Hoje, a lei já permite até quatro módulos fiscais (definido pelo Incra, o módulo fiscal varia de 5 a 110 hectares conforme o município) para quem comprovar que já ocupava o local no período anterior a 2008. Pelo projeto, essa modalidade de regularização seria permitida para quem tem até seis módulos fiscais.
O texto original da MP estendia a autodeclaração para propriedades de até 15 módulos fiscais. O relator, deputado Zé Silva (SD-MG), acabou reduzindo para seis, mas mesmo assim não houve consenso e a MP perdeu a validade.
Outras mudanças foram no período máximo de ocupação que um agricultor poderia solicitar a regularização, que na MP era até dezembro de 2018 e que voltou ao prazo original: dezembro de 2011.
Os protagonistas da discussão
O projeto de lei é alvo de uma intensa campanha popular que rejeita o conteúdo da matéria e pede também o adiamento da pauta. A mobilização envolve movimentos populares, organizações não governamentais, especialistas, artistas, igrejas, entre outros grupos.
Para entidades de defesa do meio ambiente, nem a MP e nem o projeto de lei oferecem mecanismos fortes de controle da grilagem e de cumprimento da legislação ambiental.
A discussão também envolve os setores do agronegócio que têm se mostrado reticentes com a pauta, e as multinacionais que mantêm negócios com o Brasil. Na terça-feira (19/05), 41 empresas globais assinaram uma carta pública pedindo que os parlamentares votem contra o PL. O movimento aglutina diferentes setores, entre eles, finanças, pecuária e alimentação e inclui gigantes como a marca Burguer King. Os signatários do documento apontam que a eventual aprovação da medida comprometeria as transações internacionais com o país.
Representantes de populações do campo recorrem, por exemplo, ao direito de consulta prévia para discordar do esquema atual de votações.

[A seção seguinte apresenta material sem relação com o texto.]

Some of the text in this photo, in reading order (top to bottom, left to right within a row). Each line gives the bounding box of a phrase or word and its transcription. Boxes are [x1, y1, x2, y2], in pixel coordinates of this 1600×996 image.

O diálogo com as comunidades em casos de obras e pautas que afetem seus interesses está previsto, por exemplo, na Convenção 169, da Organização Internacional do Trabalho, da qual o Brasil é signatário. Os dirigentes se queixam de não terem sido ouvidos sobre o PL e afirmam que o contexto de pandemia dificulta, inclusive, a articulação social, pelo fato de as comunidades estarem seguindo as políticas de isolamento.
E o governo federal afirma que a mudança na lei não é para beneficiar grileiros, mas sim garantir a posse da terra para produtores rurais que migraram para a Amazônia com a promessa de que teriam áreas para trabalhar.

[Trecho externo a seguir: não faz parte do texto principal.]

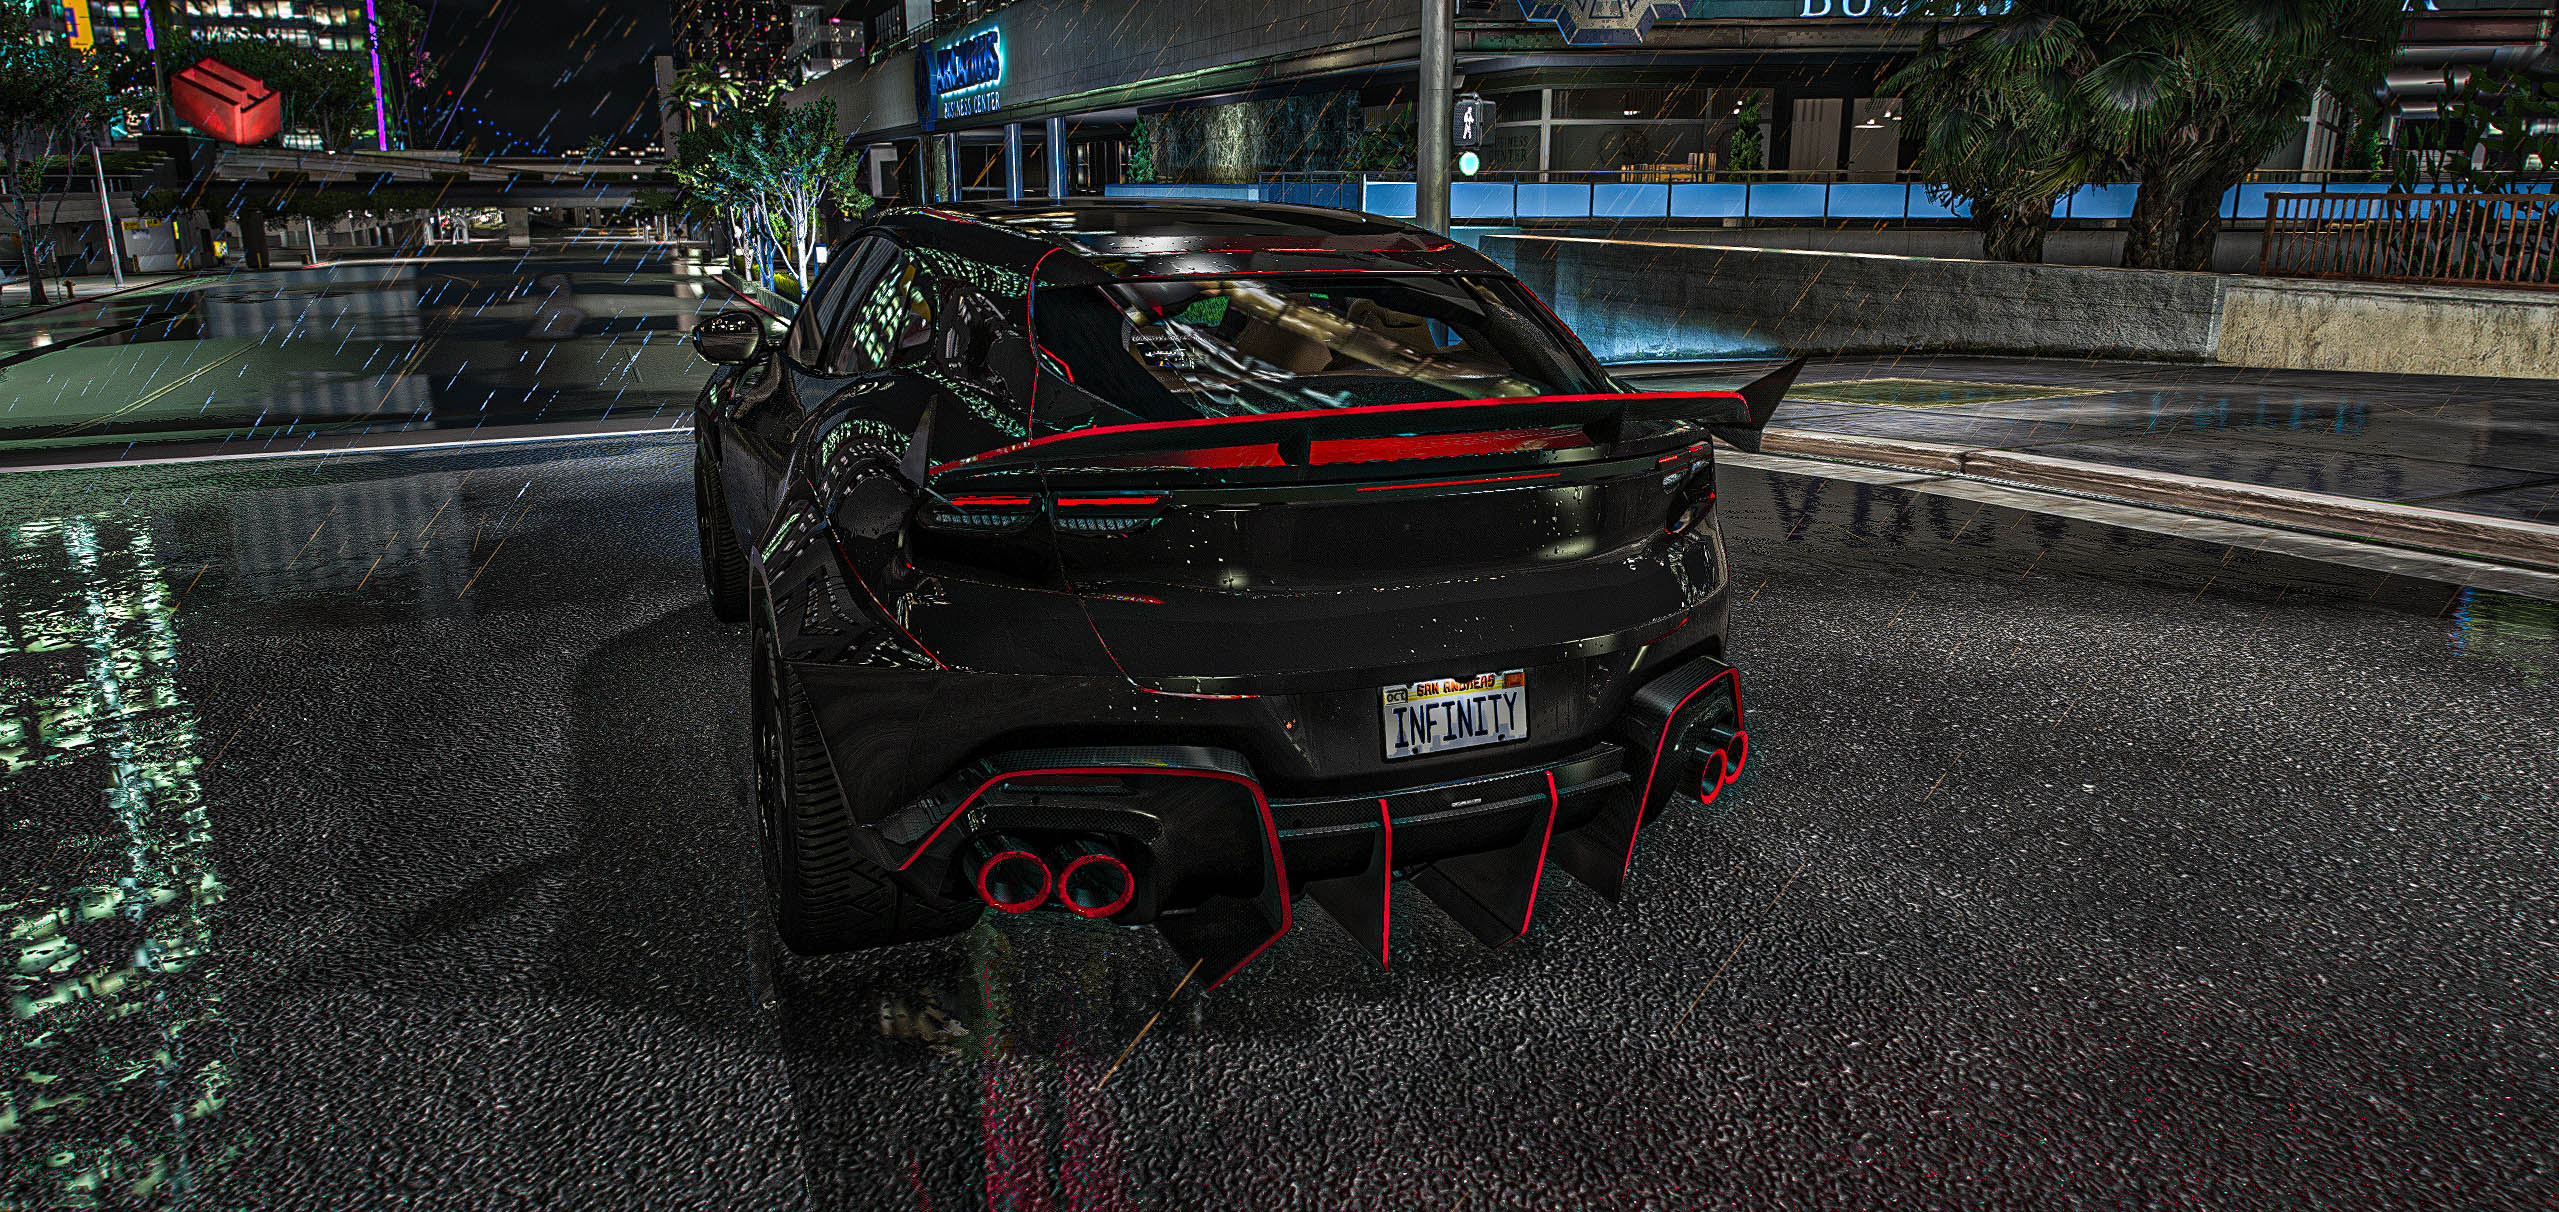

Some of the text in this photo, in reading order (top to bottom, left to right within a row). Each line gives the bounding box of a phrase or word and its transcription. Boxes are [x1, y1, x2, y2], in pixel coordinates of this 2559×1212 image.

A MP da grilagem pode mudar o mapa de regiões da Amazônia
O projeto de lei tem como alvo terras públicas não destinadas, áreas que pertencem à União mas ainda não tiveram uma função definida, como, por exemplo, se tornarem parques nacionais ou reservas extrativistas.

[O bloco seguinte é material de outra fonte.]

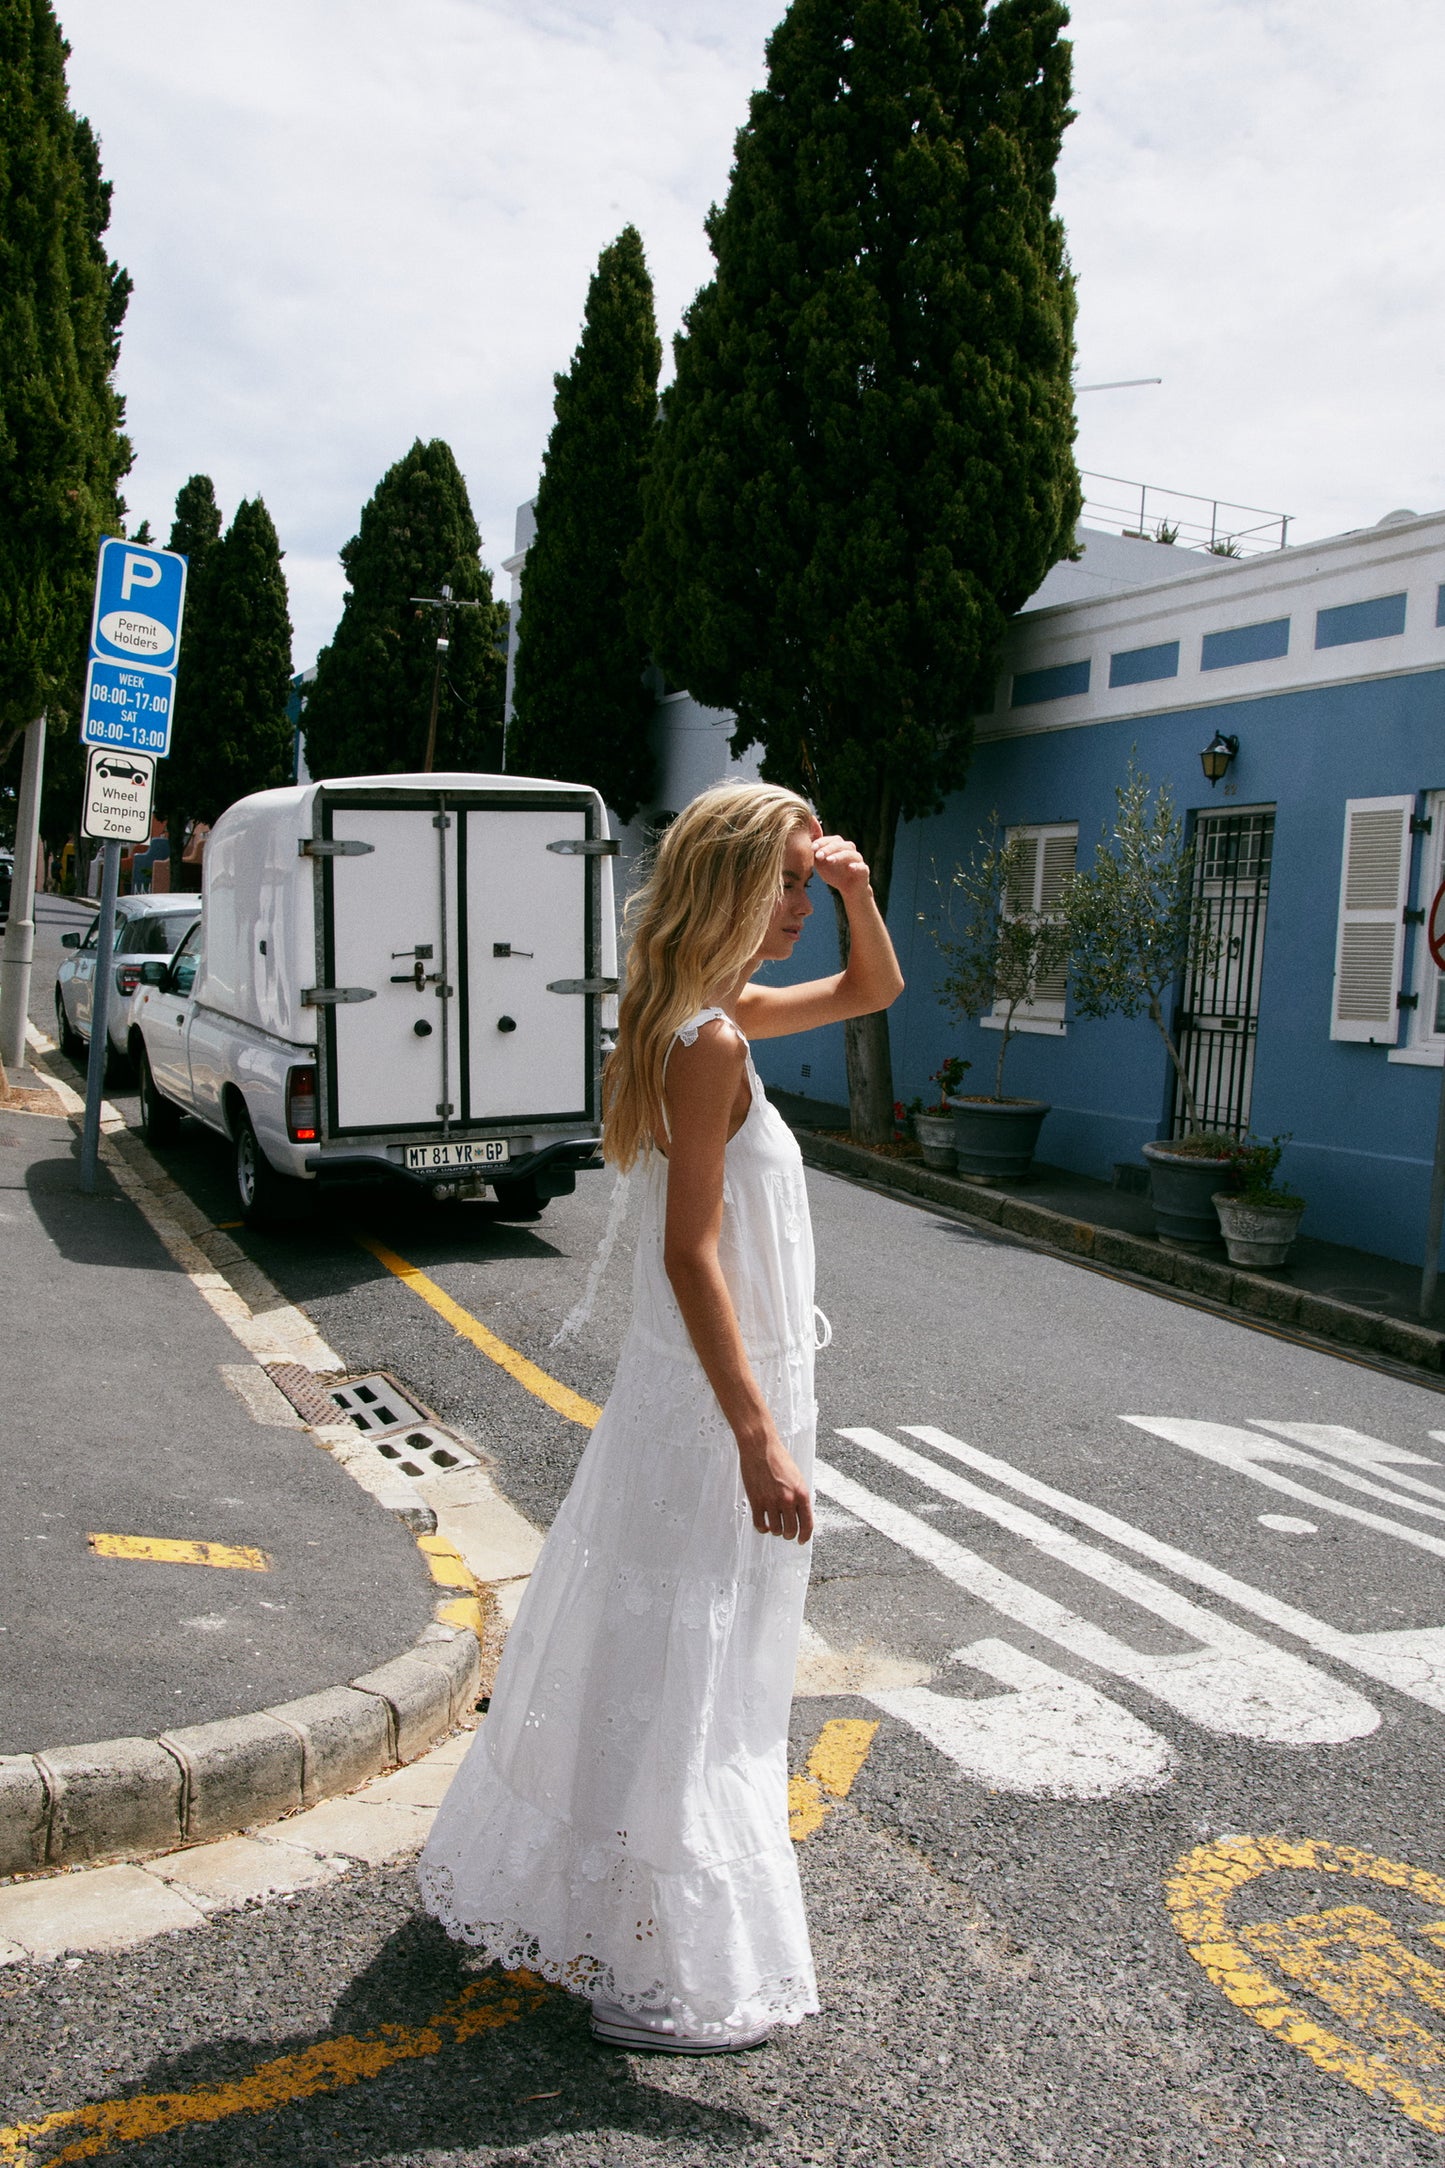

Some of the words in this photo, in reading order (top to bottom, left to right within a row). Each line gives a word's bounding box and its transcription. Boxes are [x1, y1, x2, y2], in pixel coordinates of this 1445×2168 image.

[121, 552, 162, 600] P
[118, 618, 157, 637] Permit
[114, 631, 158, 650] Holders
[119, 673, 145, 689] WEEK
[92, 684, 168, 713] 08:00-17:00
[121, 710, 138, 723] SAT
[89, 719, 165, 748] 08:00-13:00
[102, 786, 138, 802] Wheel
[91, 801, 146, 821] Clamping
[103, 819, 132, 834] Zone
[410, 1149, 427, 1166] MT
[433, 1147, 449, 1164] 81
[455, 1145, 472, 1162] YR
[486, 1143, 502, 1160] GP

Mas aí vem a preocupação. De toda a área desmatada na Amazônia entre agosto de 2018 e julho de 2019, 35% são terras públicas não destinadas, segundo uma análise do Instituto de Pesquisa Ambiental da Amazônia (Ipam).
A prática de desmatar áreas públicas e fraudar documentos para simular a posse dos terrenos é conhecida como grilagem. O objetivo principal dos grileiros é vender as terras, lucrando com a valorização ocorrida após o desmatamento, uma vez que a área se torne apta para atividades agropecuárias. A pecuária é a atividade preferencial.
A grilagem é apontada como uma das maiores causas do desmatamento na Amazônia e a prática alimenta o mercado ilegal de terras na região, gerando uma corrida incessante por novas áreas de floresta.
Considerações finais
É fato que um assunto de tamanha complexidade precisa ser amplamente debatido com a sociedade, com participação e transparência, para que diferentes vozes ajudem os parlamentares a retirar do texto pontos que beneficiam poucos e prejudicam muitos, o que é impossível no momento. Com o Congresso fazendo votações remotas para conter os riscos de contaminação pelo vírus, a participação social ficou bastante limitada.
Os nossos olhares estão voltados para a pandemia e este está longe de ser o momento correto para seguirmos com este projeto de lei. Fazer esta votação agora, seria como passar por cima da população e empurrar goela abaixo uma lei aprovada por baixo dos panos.